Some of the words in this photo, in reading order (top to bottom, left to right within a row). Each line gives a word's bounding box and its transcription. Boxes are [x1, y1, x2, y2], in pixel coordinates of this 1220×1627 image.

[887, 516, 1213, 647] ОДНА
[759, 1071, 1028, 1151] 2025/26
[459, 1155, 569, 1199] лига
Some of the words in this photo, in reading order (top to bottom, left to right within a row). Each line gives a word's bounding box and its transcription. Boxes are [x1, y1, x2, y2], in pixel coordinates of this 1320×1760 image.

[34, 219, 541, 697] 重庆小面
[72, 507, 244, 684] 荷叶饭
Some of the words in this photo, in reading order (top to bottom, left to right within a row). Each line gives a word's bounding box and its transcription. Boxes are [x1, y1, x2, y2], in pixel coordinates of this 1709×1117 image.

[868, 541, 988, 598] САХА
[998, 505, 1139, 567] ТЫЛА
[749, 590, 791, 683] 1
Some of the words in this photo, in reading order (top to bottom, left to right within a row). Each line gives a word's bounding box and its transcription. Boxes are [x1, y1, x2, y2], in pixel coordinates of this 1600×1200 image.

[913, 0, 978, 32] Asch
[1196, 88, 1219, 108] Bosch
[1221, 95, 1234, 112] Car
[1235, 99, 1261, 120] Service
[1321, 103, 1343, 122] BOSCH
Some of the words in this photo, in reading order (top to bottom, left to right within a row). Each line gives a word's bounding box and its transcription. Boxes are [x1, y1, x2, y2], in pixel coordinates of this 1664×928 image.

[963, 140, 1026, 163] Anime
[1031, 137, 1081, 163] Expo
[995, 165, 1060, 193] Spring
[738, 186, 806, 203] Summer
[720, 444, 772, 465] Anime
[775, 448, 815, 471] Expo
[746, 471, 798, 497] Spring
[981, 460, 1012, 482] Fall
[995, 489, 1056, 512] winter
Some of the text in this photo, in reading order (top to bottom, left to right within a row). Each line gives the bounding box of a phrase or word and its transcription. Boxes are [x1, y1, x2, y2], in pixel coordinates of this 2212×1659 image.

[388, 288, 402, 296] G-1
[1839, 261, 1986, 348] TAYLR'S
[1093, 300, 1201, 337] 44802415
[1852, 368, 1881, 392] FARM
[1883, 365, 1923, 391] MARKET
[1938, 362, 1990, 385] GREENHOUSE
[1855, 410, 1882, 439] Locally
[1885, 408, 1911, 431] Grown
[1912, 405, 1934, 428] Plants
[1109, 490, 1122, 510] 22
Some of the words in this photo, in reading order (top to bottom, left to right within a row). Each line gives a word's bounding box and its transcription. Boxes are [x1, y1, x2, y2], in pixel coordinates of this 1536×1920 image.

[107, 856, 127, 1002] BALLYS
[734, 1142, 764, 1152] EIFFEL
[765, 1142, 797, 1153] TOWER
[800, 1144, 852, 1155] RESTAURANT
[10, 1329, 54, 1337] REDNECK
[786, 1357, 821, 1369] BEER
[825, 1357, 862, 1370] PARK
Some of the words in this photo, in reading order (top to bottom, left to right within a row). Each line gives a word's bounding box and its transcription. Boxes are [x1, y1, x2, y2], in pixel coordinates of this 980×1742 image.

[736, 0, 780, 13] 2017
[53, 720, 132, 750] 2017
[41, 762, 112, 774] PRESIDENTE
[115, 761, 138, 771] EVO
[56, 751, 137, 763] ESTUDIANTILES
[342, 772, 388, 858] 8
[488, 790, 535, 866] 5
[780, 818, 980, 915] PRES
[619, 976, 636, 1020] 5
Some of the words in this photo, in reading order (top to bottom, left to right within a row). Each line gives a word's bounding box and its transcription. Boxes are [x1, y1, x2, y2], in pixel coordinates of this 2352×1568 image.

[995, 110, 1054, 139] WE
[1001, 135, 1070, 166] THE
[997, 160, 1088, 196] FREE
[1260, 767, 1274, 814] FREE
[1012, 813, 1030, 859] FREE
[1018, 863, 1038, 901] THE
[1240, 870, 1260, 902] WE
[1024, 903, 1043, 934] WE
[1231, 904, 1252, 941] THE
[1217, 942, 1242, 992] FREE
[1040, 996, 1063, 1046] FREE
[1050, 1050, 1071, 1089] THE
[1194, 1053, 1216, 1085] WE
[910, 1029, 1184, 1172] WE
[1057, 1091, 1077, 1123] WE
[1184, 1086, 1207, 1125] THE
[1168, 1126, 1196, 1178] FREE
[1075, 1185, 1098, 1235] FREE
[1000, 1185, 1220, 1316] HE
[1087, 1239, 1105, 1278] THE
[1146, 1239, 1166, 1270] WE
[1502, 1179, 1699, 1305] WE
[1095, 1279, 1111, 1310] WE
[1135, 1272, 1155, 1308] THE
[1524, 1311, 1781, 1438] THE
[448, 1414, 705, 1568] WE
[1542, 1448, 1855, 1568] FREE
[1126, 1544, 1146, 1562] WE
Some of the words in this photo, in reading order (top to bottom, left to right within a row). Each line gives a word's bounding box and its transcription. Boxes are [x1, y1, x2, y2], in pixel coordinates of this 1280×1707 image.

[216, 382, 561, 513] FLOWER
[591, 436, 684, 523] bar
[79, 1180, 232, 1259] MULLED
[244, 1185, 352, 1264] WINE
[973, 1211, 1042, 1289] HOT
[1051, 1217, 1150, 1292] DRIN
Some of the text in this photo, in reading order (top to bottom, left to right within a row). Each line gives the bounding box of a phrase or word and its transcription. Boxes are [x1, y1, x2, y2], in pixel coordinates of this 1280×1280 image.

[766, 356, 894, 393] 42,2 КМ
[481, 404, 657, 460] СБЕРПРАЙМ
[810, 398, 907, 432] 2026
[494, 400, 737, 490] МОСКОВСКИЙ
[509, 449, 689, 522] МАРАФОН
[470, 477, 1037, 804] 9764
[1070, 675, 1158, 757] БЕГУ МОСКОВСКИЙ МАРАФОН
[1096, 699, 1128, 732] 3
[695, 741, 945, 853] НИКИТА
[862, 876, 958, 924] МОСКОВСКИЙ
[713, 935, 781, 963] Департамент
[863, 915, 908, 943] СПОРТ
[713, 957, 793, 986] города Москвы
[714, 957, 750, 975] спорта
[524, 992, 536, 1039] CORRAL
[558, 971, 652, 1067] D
________________
_TASK GOAL_
From the first line to the last, reproduce the material word for word.

_EXERCISE OUTPUT_
Some of the words in this photo, in reading order (top to bottom, left to right within a row). Each line gives a word's bounding box and its transcription. Boxes are [x1, y1, x2, y2], in pixel coordinates of this 1220×1627 image.

[887, 516, 1213, 647] ОДНА
[759, 1071, 1028, 1151] 2025/26
[459, 1155, 569, 1199] лига
Some of the words in this photo, in reading order (top to bottom, left to right within a row). Each line gives a word's bounding box and its transcription. Boxes are [x1, y1, x2, y2], in pixel coordinates of this 1320×1760 image.

[34, 219, 541, 697] 重庆小面
[72, 507, 244, 684] 荷叶饭
Some of the words in this photo, in reading order (top to bottom, left to right within a row). Each line gives a word's bounding box and its transcription. Boxes are [x1, y1, x2, y2], in pixel coordinates of this 1709×1117 image.

[868, 541, 988, 598] САХА
[998, 505, 1139, 567] ТЫЛА
[749, 590, 791, 683] 1
Some of the words in this photo, in reading order (top to bottom, left to right within a row). Each line gives a word's bounding box and its transcription. Boxes are [x1, y1, x2, y2], in pixel coordinates of this 1600×1200 image.

[913, 0, 978, 32] Asch
[1196, 88, 1219, 108] Bosch
[1221, 95, 1234, 112] Car
[1235, 99, 1261, 120] Service
[1321, 103, 1343, 122] BOSCH
Some of the words in this photo, in reading order (top to bottom, left to right within a row). Each line gives a word's bounding box and its transcription. Boxes are [x1, y1, x2, y2], in pixel coordinates of this 1664×928 image.

[963, 140, 1026, 163] Anime
[1031, 137, 1081, 163] Expo
[995, 165, 1060, 193] Spring
[738, 186, 806, 203] Summer
[720, 444, 772, 465] Anime
[775, 448, 815, 471] Expo
[746, 471, 798, 497] Spring
[981, 460, 1012, 482] Fall
[995, 489, 1056, 512] winter
Some of the text in this photo, in reading order (top to bottom, left to right within a row). Each line gives the bounding box of a phrase or word and its transcription. Boxes are [x1, y1, x2, y2], in pixel coordinates of this 2212×1659 image.

[388, 288, 402, 296] G-1
[1839, 261, 1986, 348] TAYLR'S
[1093, 300, 1201, 337] 44802415
[1852, 368, 1881, 392] FARM
[1883, 365, 1923, 391] MARKET
[1938, 362, 1990, 385] GREENHOUSE
[1855, 410, 1882, 439] Locally
[1885, 408, 1911, 431] Grown
[1912, 405, 1934, 428] Plants
[1109, 490, 1122, 510] 22
Some of the words in this photo, in reading order (top to bottom, left to right within a row). Each line gives a word's bounding box and its transcription. Boxes are [x1, y1, x2, y2], in pixel coordinates of this 1536×1920 image.

[107, 856, 127, 1002] BALLYS
[734, 1142, 764, 1152] EIFFEL
[765, 1142, 797, 1153] TOWER
[800, 1144, 852, 1155] RESTAURANT
[10, 1329, 54, 1337] REDNECK
[786, 1357, 821, 1369] BEER
[825, 1357, 862, 1370] PARK
Some of the words in this photo, in reading order (top to bottom, left to right within a row). Each line gives a word's bounding box and its transcription. Boxes are [x1, y1, x2, y2], in pixel coordinates of this 980×1742 image.

[736, 0, 780, 13] 2017
[53, 720, 132, 750] 2017
[41, 762, 112, 774] PRESIDENTE
[115, 761, 138, 771] EVO
[56, 751, 137, 763] ESTUDIANTILES
[342, 772, 388, 858] 8
[488, 790, 535, 866] 5
[780, 818, 980, 915] PRES
[619, 976, 636, 1020] 5
Some of the words in this photo, in reading order (top to bottom, left to right within a row). Each line gives a word's bounding box and its transcription. Boxes are [x1, y1, x2, y2], in pixel coordinates of this 2352×1568 image.

[995, 110, 1054, 139] WE
[1001, 135, 1070, 166] THE
[997, 160, 1088, 196] FREE
[1260, 767, 1274, 814] FREE
[1012, 813, 1030, 859] FREE
[1018, 863, 1038, 901] THE
[1240, 870, 1260, 902] WE
[1024, 903, 1043, 934] WE
[1231, 904, 1252, 941] THE
[1217, 942, 1242, 992] FREE
[1040, 996, 1063, 1046] FREE
[1050, 1050, 1071, 1089] THE
[1194, 1053, 1216, 1085] WE
[910, 1029, 1184, 1172] WE
[1057, 1091, 1077, 1123] WE
[1184, 1086, 1207, 1125] THE
[1168, 1126, 1196, 1178] FREE
[1075, 1185, 1098, 1235] FREE
[1000, 1185, 1220, 1316] HE
[1087, 1239, 1105, 1278] THE
[1146, 1239, 1166, 1270] WE
[1502, 1179, 1699, 1305] WE
[1095, 1279, 1111, 1310] WE
[1135, 1272, 1155, 1308] THE
[1524, 1311, 1781, 1438] THE
[448, 1414, 705, 1568] WE
[1542, 1448, 1855, 1568] FREE
[1126, 1544, 1146, 1562] WE
Some of the words in this photo, in reading order (top to bottom, left to right within a row). Each line gives a word's bounding box and its transcription. Boxes are [x1, y1, x2, y2], in pixel coordinates of this 1280×1707 image.

[216, 382, 561, 513] FLOWER
[591, 436, 684, 523] bar
[79, 1180, 232, 1259] MULLED
[244, 1185, 352, 1264] WINE
[973, 1211, 1042, 1289] HOT
[1051, 1217, 1150, 1292] DRIN
Some of the text in this photo, in reading order (top to bottom, left to right within a row). Each line gives the bounding box of a phrase or word and its transcription. Boxes are [x1, y1, x2, y2], in pixel coordinates of this 1280×1280 image.

[766, 356, 894, 393] 42,2 КМ
[481, 404, 657, 460] СБЕРПРАЙМ
[810, 398, 907, 432] 2026
[494, 400, 737, 490] МОСКОВСКИЙ
[509, 449, 689, 522] МАРАФОН
[470, 477, 1037, 804] 9764
[1070, 675, 1158, 757] БЕГУ МОСКОВСКИЙ МАРАФОН
[1096, 699, 1128, 732] 3
[695, 741, 945, 853] НИКИТА
[862, 876, 958, 924] МОСКОВСКИЙ
[713, 935, 781, 963] Департамент
[863, 915, 908, 943] СПОРТ
[713, 957, 793, 986] города Москвы
[714, 957, 750, 975] спорта
[524, 992, 536, 1039] CORRAL
[558, 971, 652, 1067] D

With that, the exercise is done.